Tento sempre imaginar qual seria o silêncio que os compositores tinham na sua mente enquanto escreviam estes dons que ofereceram à Humanidade
É muito diferente tocar uma mesma obra no meio das montanhas e numa sala de concertos?
Sim. Não só tocar, mas sobretudo ouvir. Na montanha temos todos os ouvidos tapados por causa da pressão, portanto o que ouvimos não é realmente a música que está a ser tocada. Se a gravarmos e a ouvirmos em cotas mais baixas veremos que é muito mais rica de harmónicos, que aqui são muito reduzidos. Ou seja, os músicos, nas montanhas, são forçados a procurar algo mais, descobrindo muitas vezes novos sons, coisas às quais nunca teriam chegado de outra forma, porque se contentavam com o que ouviam.

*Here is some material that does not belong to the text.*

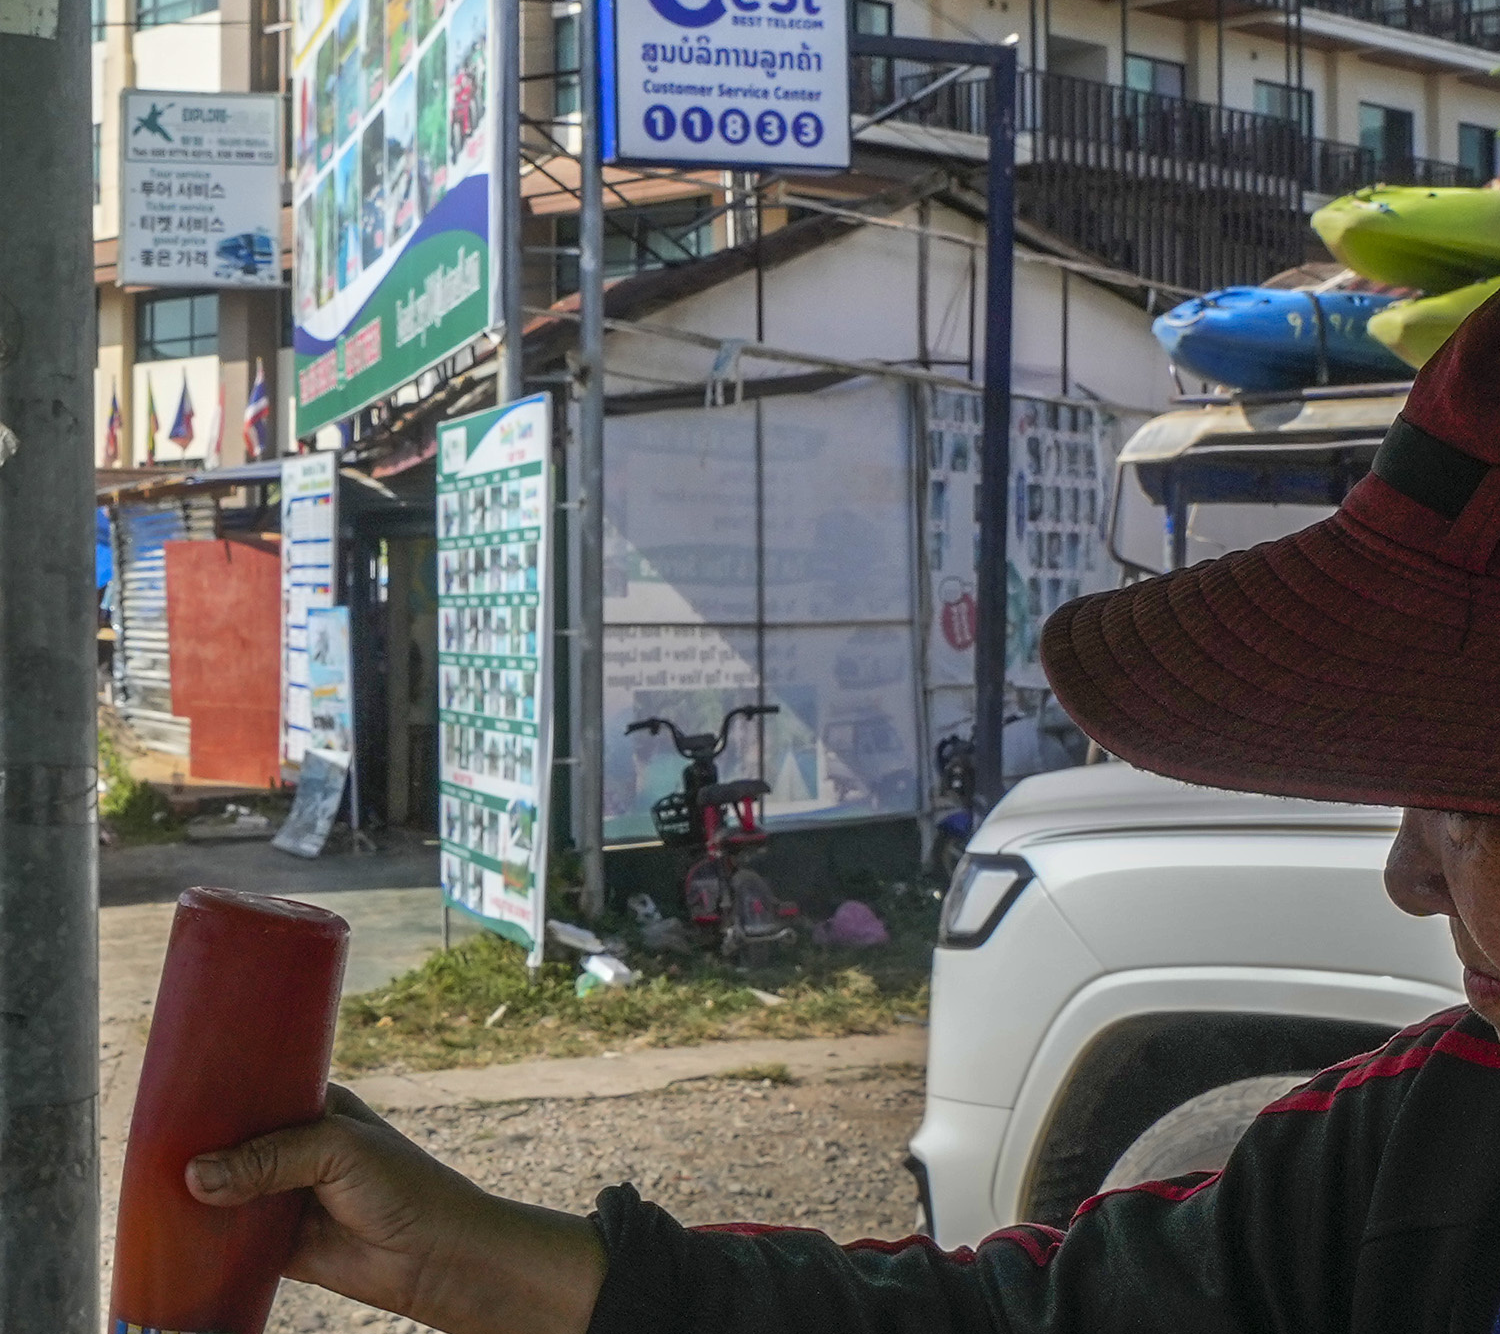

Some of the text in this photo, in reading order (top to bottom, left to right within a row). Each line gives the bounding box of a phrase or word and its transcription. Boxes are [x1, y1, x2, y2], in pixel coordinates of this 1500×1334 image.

E o público? Foi fácil convencê-lo a caminhar para ouvir música clássica?
Bem, o primeiro ano foi verdadeiramente de pioneiros. Eram cerca de 50 pessoas, muitas delas caminhantes que, por acaso, iam a passar e ficavam a ouvir. A partir do segundo ano já tivemos um enorme sucesso, porém, há algum tempo, alteramos as datas de julho para setembro, porque a afluência turística às Dolomiti cresceu de forma despropositada. Com essa mudança, o público transformou-se subitamente em verdadeiros amantes da natureza e da música.
O silêncio é enfaticamente referido no manifesto do festival. É algo importante para o seu processo de criação e fruição artística?
Tento sempre imaginar qual seria o silêncio que os compositores tinham na sua mente enquanto escreviam estes dons que ofereceram à Humanidade. Se calhar Bethoveen estava sentado numa mesa igual a esta onde estamos nós, rodeado de rumor, mas dentro de si possuía um silêncio de tal ordem que era capaz de dar origem a uma obra prima. Este tipo de silêncio é algo que devemos procurar nestes espaços. Para mim, em particular, as Dolomiti são capazes de criar um universo enorme.
Porquê?
Porque, perante elas, sentimo-nos nada. Nada esse que pode ser entendido como um tipo de silêncio capaz de defender a sua magia e sacralidade e fazer com que não sejamos agressivos para com elas. É que, apesar de mastodônticas, as montanhas são inesperadamente frágeis. Tudo o que fazemos deve ser delicado, respeitoso.
É esse respeito que o festival quer promover?
Sim. Não procuramos o show. Queremos antes interpretar esta fragilidade e encontrar uma linguagem que seja capaz de exprimi-la de alguma maneira.